A couple of days ago, when I entered my favorite online forum, I was puzzled to see a topic headline that said literally: "Women, Don't Get Married!". What is this, I asked myself? I knew many of the ladies who participated in the forum were happily married, others were still in search… needless to say, I was surprised, but decided to see what it really was about.
The author of that topic (a young woman, by the way), started with a description of what – in her opinion – was a typical housewife: a tired, ill-dressed, frustrated, uninteresting woman. Having children, she argued, doesn't leave enough free time so that a woman can take proper care of herself – and that includes daily visits to beauty salons, restaurants and shopping centers (without which, of course, no happiness can exist!). Later, she referred to the well-known TV series "Sex and the City" as her ideal of a carefree, liberated lifestyle that suits a modern woman.

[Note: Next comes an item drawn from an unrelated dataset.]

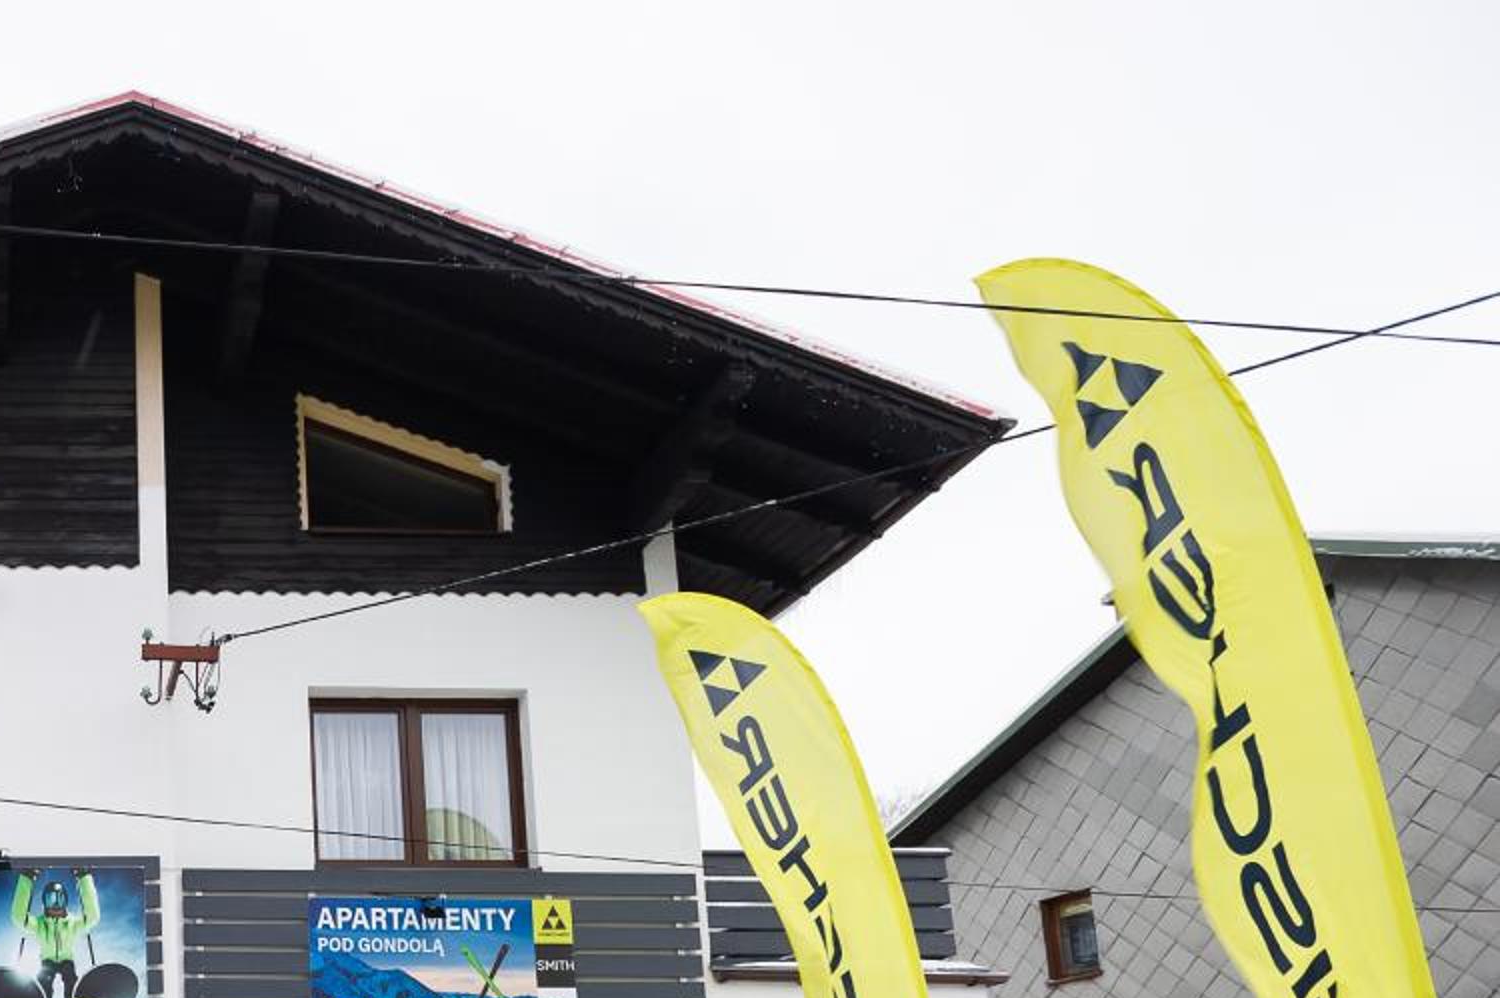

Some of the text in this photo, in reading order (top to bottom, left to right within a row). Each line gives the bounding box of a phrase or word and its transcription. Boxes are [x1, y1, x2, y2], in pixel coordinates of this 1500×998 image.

The rest of her arguments went like this –
1. If your career doesn't leave you quality time with your children, what's the point of having children (the assumption career is a top priority wasn't even discussed)?
2. A housewife suffers an inevitable process of mental and intellectual degradation.
3. Knowing only one man – one's husband – limits a woman's horizons. And anyway, since a woman can earn enough money to enjoy the previously mentioned lifestyle, a husband is nowadays useless.
I wasn't planning to enter the discussion at all, because that woman's post seemed so radical, so primitive and shallow, and I thought – why waste my breath? What stopped me from walking by was, sadly, the tremendous amount of positive feedback she received from other surfers ("Bravo!", "Every word is truth", "I just got a divorce and I'm so happy"). The last straw was a comment that said: "A woman should get married while she's young, have a baby, give the baby to her parents or in-laws, develop a career while being supported by her husband, and when he runs out of finances, divorce him. Then she can meet other men, enjoy life, and sometimes spend a vacation with her child. This way, a woman has EVERYTHING!". The forum exploded with cheers.
I decided to post a reply. I wrote about the true values that were going to stay with us for as long as we live, unlike momentary pleasures. I wrote about children, who needed a real, loving family to grow up in. About God's will, who chose to make us, women, loving and compassionate, so we can give love and care to our family. I said that the desire to take without giving anything in return, and objectifying men by looking at them as a source of cash was an insult to a woman's dignity. And good looks, I concluded, would count for nothing when a woman grows old and finds out she's all alone, unloved, unsatisfied, bitter.
The feeble voice of support I received was drowned in waves of replies that accused me of being old-fashioned, idealistic, unintelligent, "desperate to get married" and even "too young to understand what true happiness is about". Others called me to "taste the world's goods" before disregarding them.
This didn't make me angry, but I was bewildered. I went offline, but was left with a lot of questions – how could it happen that grown women, with a supposedly mature point of view, aspire for a lifetime of superficial pleasures, vanity, submitting to their bodies' desires and neglecting spiritual growth? How can a woman be so self-centered, instead of giving love and support to others? How can anybody substitute the true love, companionship and care that can be found in marriage, by simply using other people and moving on? Is this what women truly want?
I hope not. I hope I just came across a group of frustrated women who had unhappy personal lives. I chose not to say that in my opinion, it was them – not the previously mentioned housewives! -who suffered from degradation, emotional and spiritual. That it was them who had a distorted view on womanhood, family and happiness. But it still makes me sad that these days a young woman receives a wave of vehemence when she dares to declare family is her top priority. It is sad that wanting to give unconditional love makes people smirk and say – "you don't know what life is about".